■ Task description ■
From the first line to the last, output the data exactly as it stands, minus its pictures.

■ Source data ■

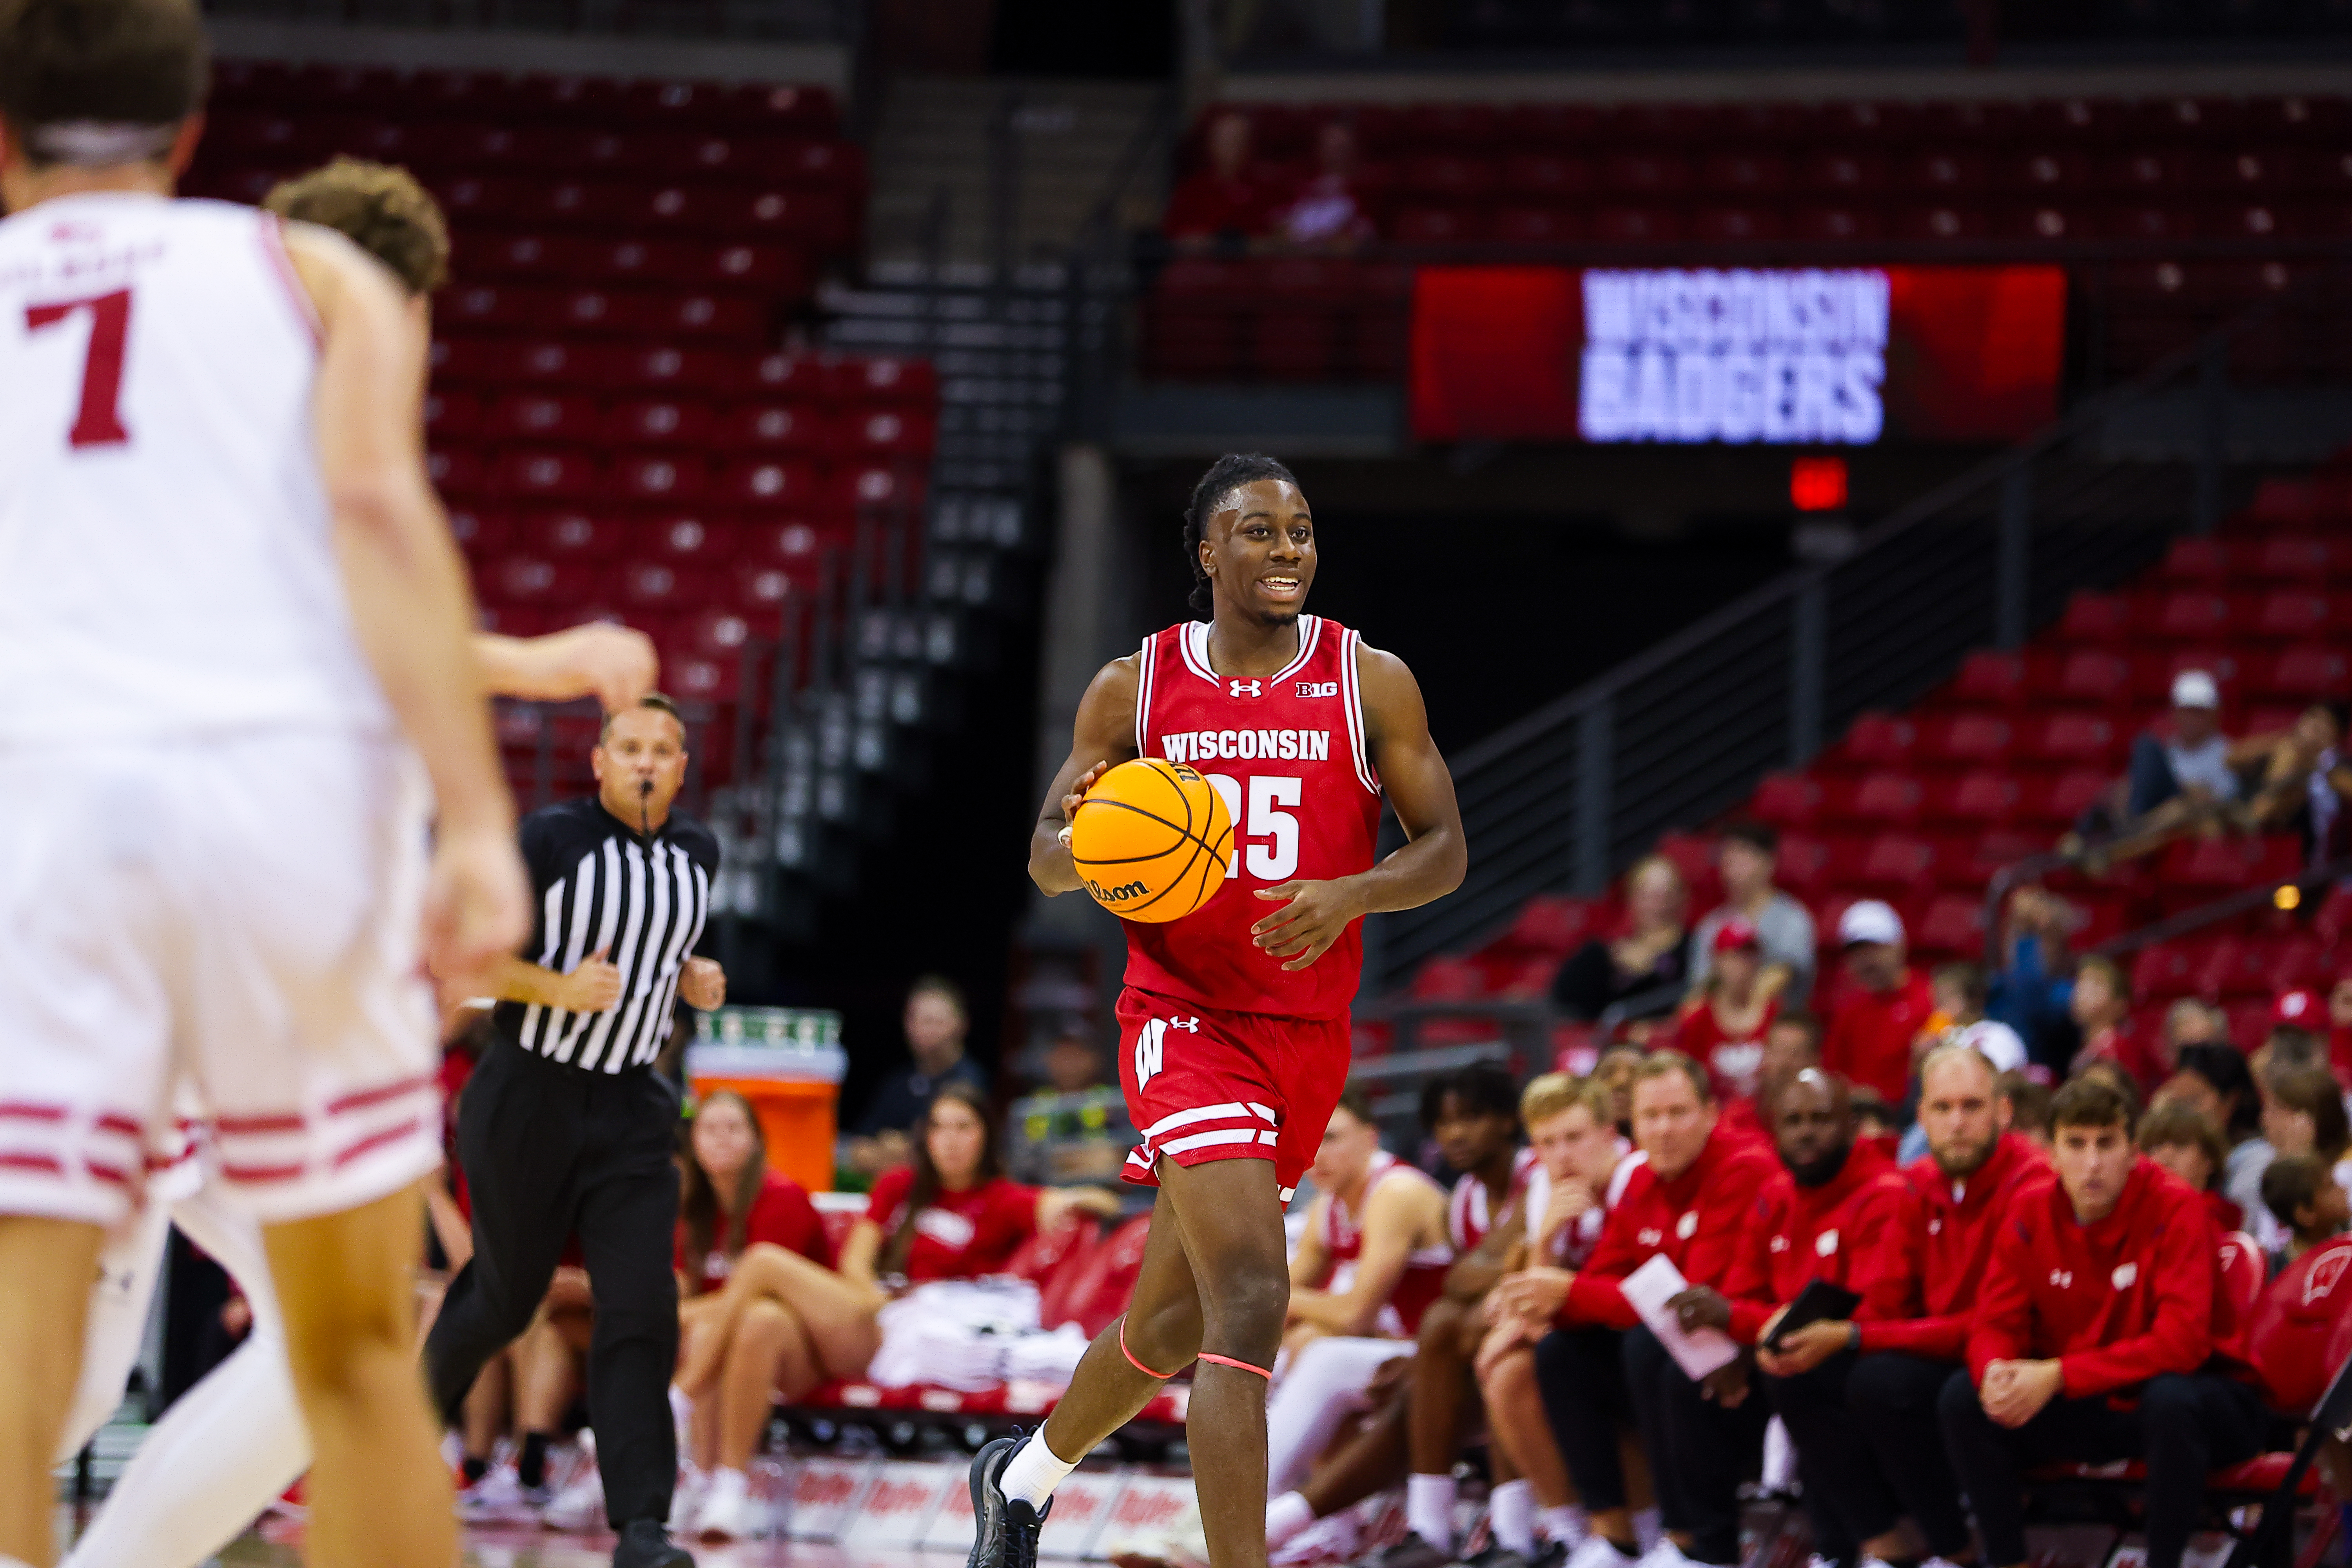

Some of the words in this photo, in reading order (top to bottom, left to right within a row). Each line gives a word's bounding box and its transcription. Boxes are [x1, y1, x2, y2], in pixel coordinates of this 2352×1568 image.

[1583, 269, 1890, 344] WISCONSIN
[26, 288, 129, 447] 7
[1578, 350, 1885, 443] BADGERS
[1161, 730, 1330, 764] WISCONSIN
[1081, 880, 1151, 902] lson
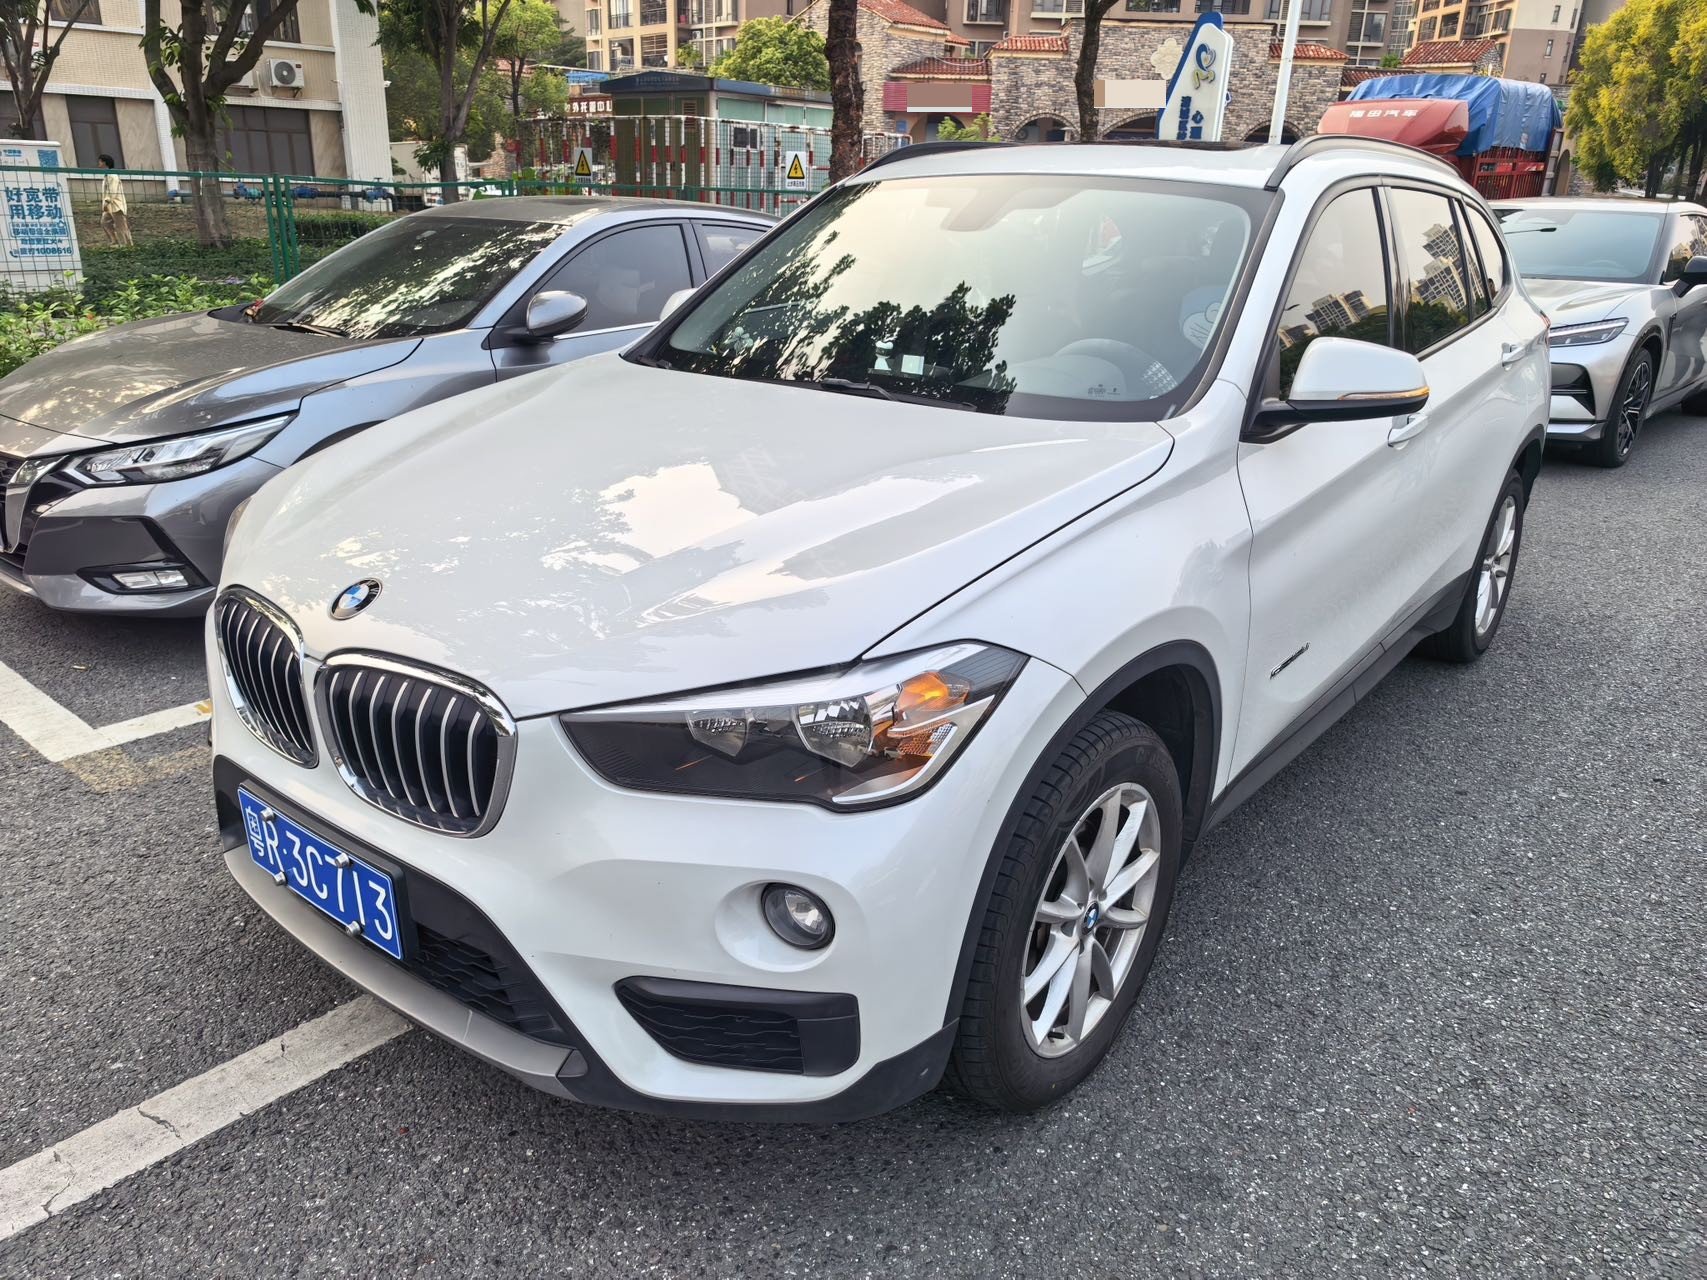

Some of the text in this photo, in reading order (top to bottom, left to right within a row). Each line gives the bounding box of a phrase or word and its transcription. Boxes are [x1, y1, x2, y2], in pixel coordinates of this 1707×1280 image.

■ Output below ■
Some of the words in this photo, in reading order (top to bottom, left to right within a row). Each line gives a word's bounding box and its transcription. Boxes are [x1, y1, x2, y2], in pixel coordinates of this 2352×1568 image.

[1583, 269, 1890, 344] WISCONSIN
[26, 288, 129, 447] 7
[1578, 350, 1885, 443] BADGERS
[1161, 730, 1330, 764] WISCONSIN
[1081, 880, 1151, 902] lson

Some of the text in this photo, in reading order (top to bottom, left to right within a row). Each line gives the bounding box of a phrase or word and its transcription. Boxes are [x1, y1, x2, y2], in pixel coordinates of this 1707×1280 image.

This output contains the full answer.